The plaintiff's credibility

  1. The plaintiff impressed me as a witness.  She presented as a relatively quiet, perhaps shy, person who over a lengthy period of time has presented herself for work when the need was there.  I have no doubt at all that she is a very honest person.  She impressed me as someone who would attempt to do the best she could to cope with what difficulties she had without wanting to make any fuss.

Findings on the plaintiff's injuries and the medical evidence

The neck

  1. I accept the plaintiff's evidence that prior to the collision her health was generally "pretty good".  I also accept her evidence that although she attended on Dr Atlas in April 1996 because she was suffering from headaches, her condition had settled down within the short time thereafter before the collision.  Further I accept the plaintiff's evidence that her headaches after the collision were more severe than those before it.
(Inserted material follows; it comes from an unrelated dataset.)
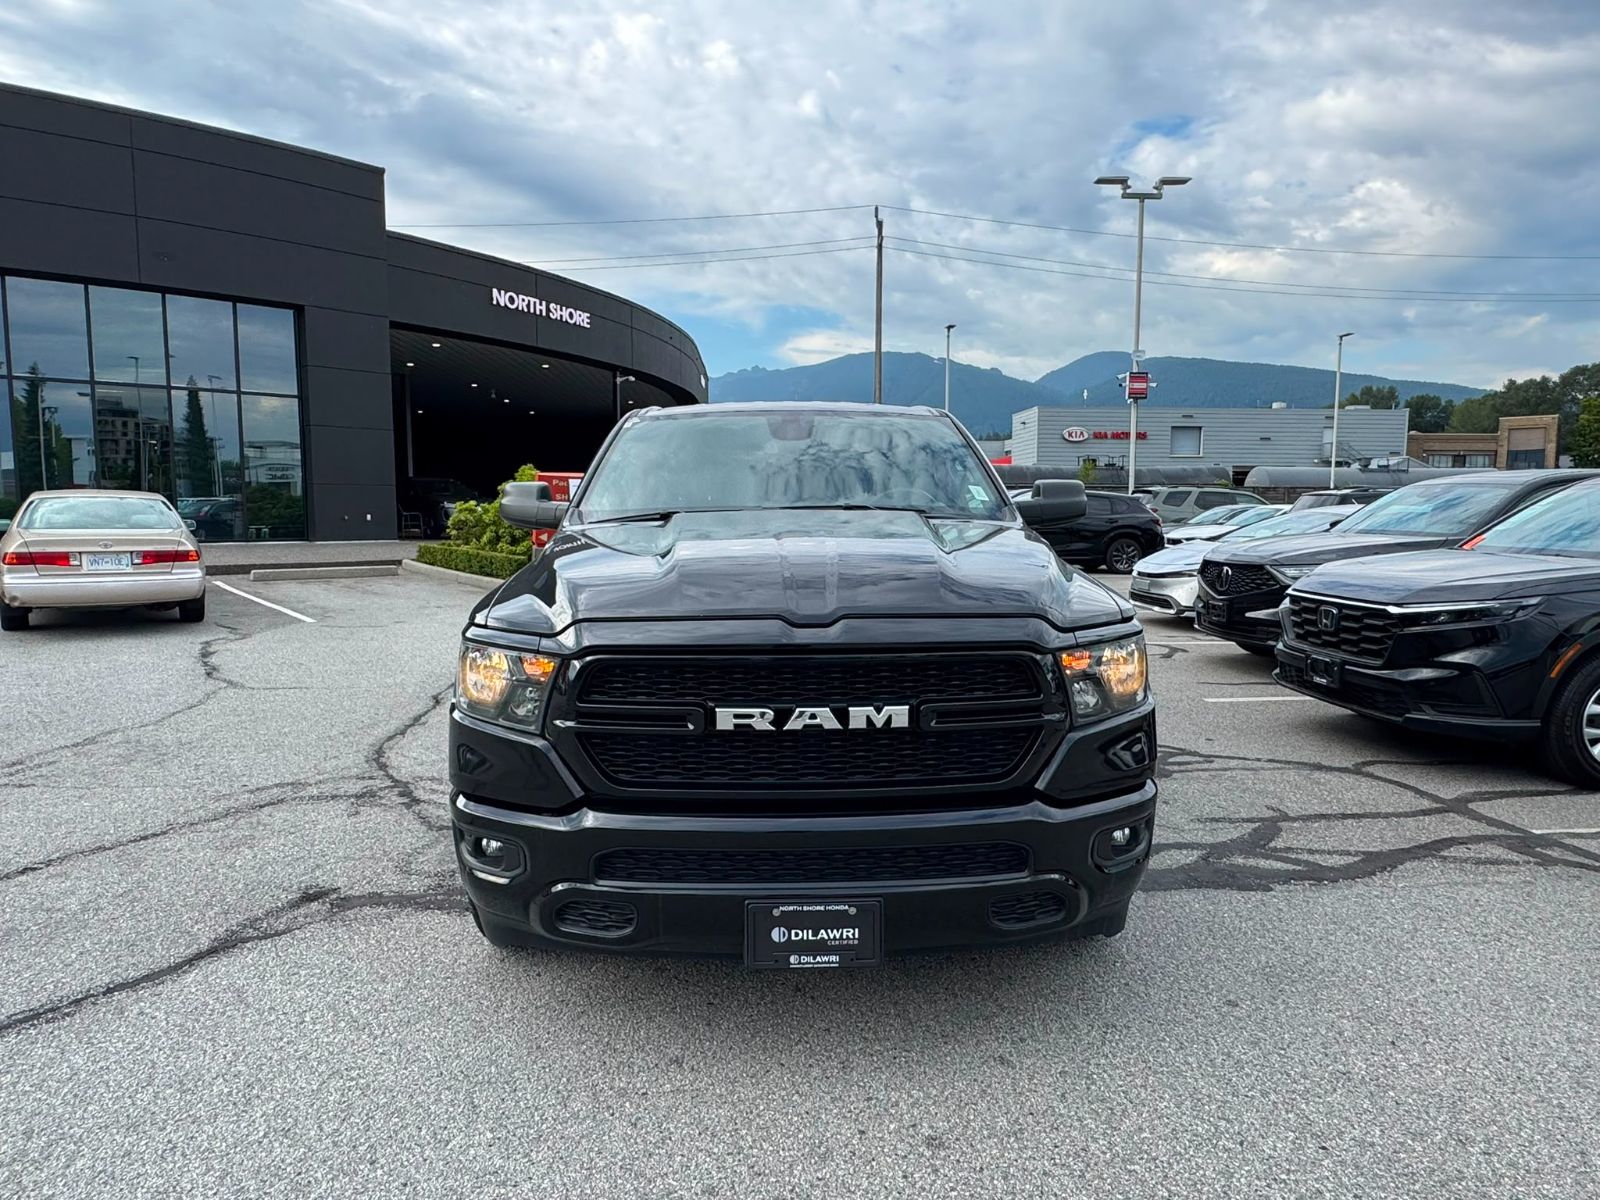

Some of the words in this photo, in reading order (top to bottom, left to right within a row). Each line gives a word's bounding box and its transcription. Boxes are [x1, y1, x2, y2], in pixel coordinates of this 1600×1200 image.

  2. Further to the evidence of each of Dr Atlas, Mr Gope, Mr Graziotti and Dr Koh considered alone and in combination I find that the collision aggravated the plaintiff's pre‑existing degenerative cervical condition at the C3-4 and C4-5 levels.  I also accept the evidence of Mr Graziotti that the plaintiff's C2/3 facet joint was injured as a result of the collision and I find that it has played and continues to play a part in the plaintiff suffering from severe headaches.

  3. I accept Mr Graziotti's evidence that the plaintiff has a 5 per cent disability of the neck which is made up by the combination of her pre‑existing condition and injuries from the collision.  In light of the plaintiff's evidence that her headaches have been more severe since the collision and Mr Graziotti's evidence that her disability was mainly the result of the collision I find that the collision is the main cause of the disability to the plaintiff's neck and the accompanying symptoms and also her headaches.

The lower back

  1. The defendant does not admit that the plaintiff suffered any lower back injury as a result of the collision.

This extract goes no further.